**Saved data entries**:
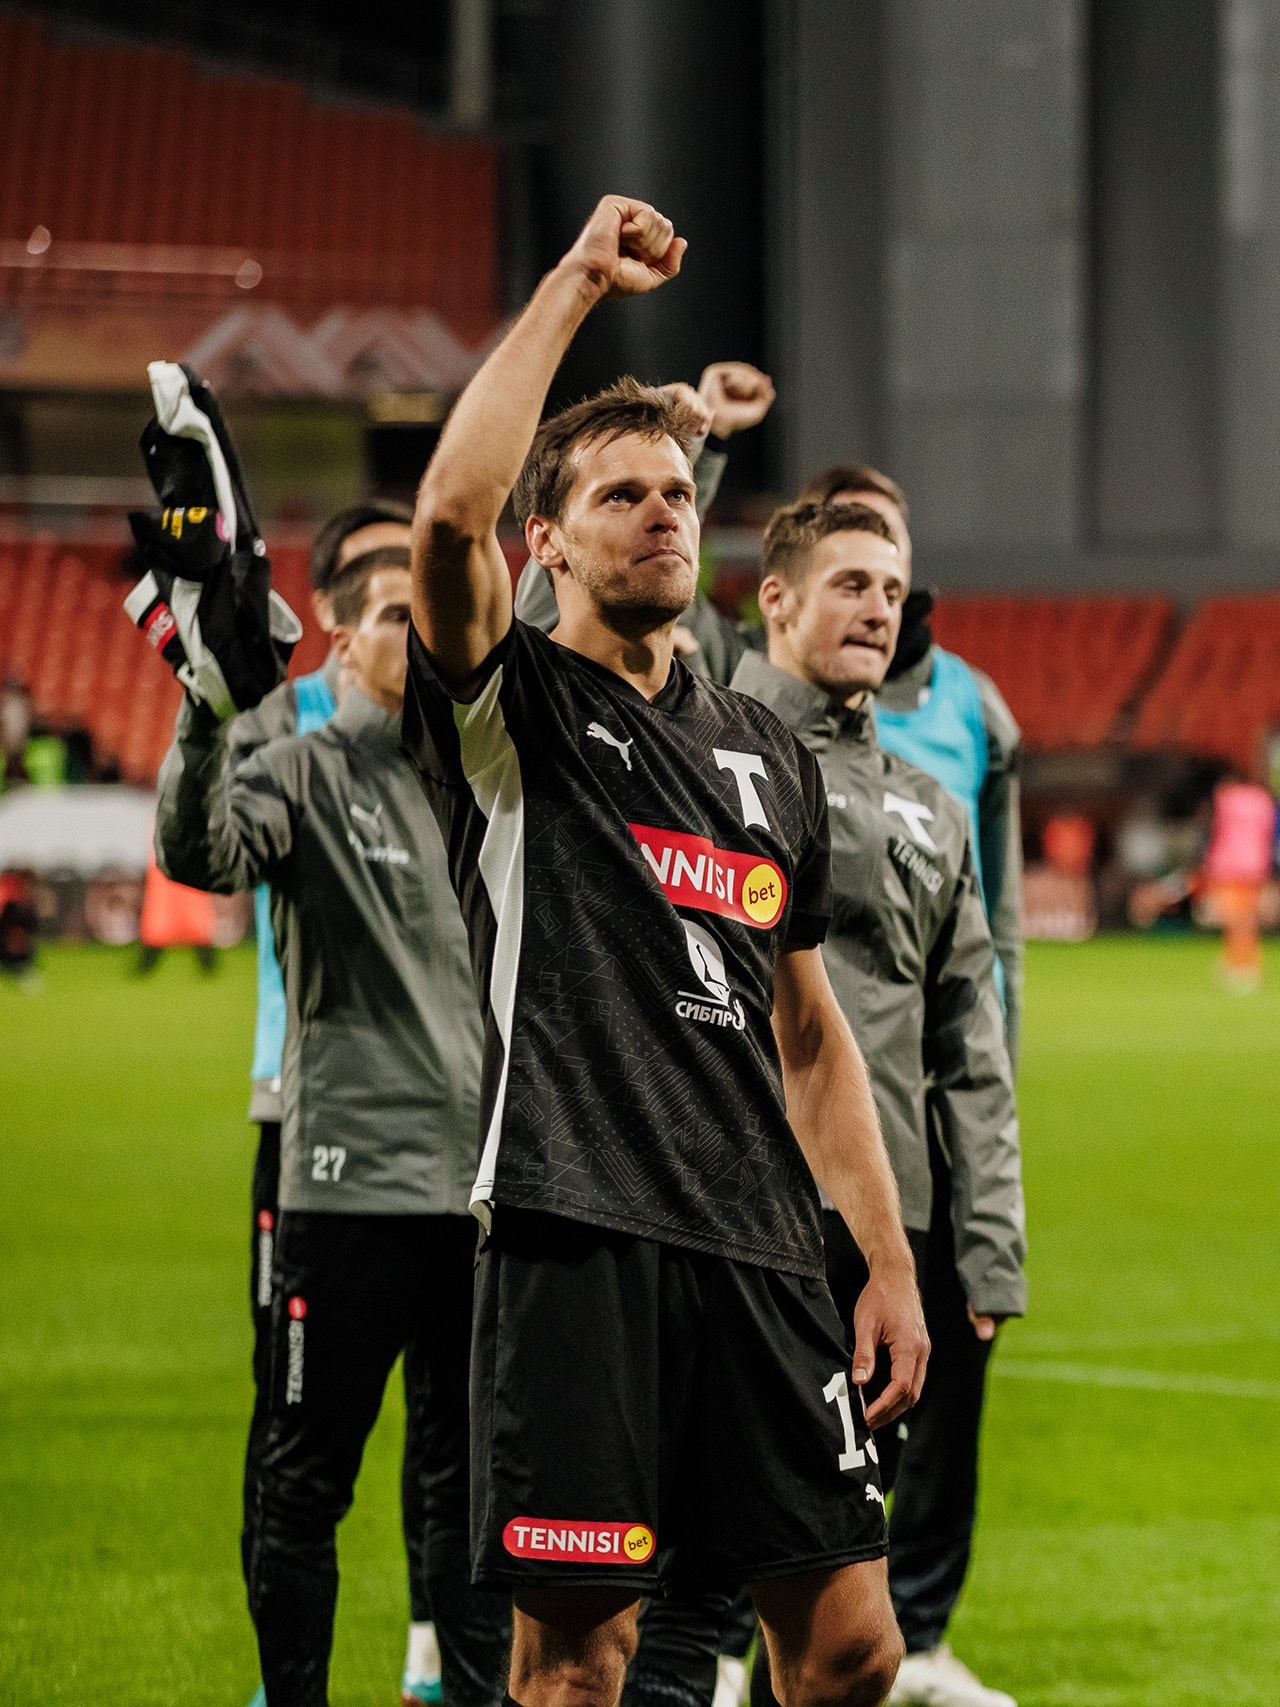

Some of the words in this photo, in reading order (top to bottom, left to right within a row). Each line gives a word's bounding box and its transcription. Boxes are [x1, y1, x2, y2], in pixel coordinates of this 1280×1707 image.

[712, 747, 771, 832] T
[640, 842, 735, 905] NNISI
[748, 881, 777, 905] bet
[675, 1000, 746, 1031] СИБПРО
[311, 1144, 347, 1182] 27
[512, 1525, 620, 1554] TENNISI
[627, 1535, 649, 1551] bet

**EXERCISE REQUIREMENTS**: All of the entries need to be copied exactly, minus any pictures.

**SOLUTION TO THE EXERCISE**:
Some of the words in this photo, in reading order (top to bottom, left to right within a row). Each line gives a word's bounding box and its transcription. Boxes are [x1, y1, x2, y2], in pixel coordinates of this 1280×1707 image.

[712, 747, 771, 832] T
[640, 842, 735, 905] NNISI
[748, 881, 777, 905] bet
[675, 1000, 746, 1031] СИБПРО
[311, 1144, 347, 1182] 27
[512, 1525, 620, 1554] TENNISI
[627, 1535, 649, 1551] bet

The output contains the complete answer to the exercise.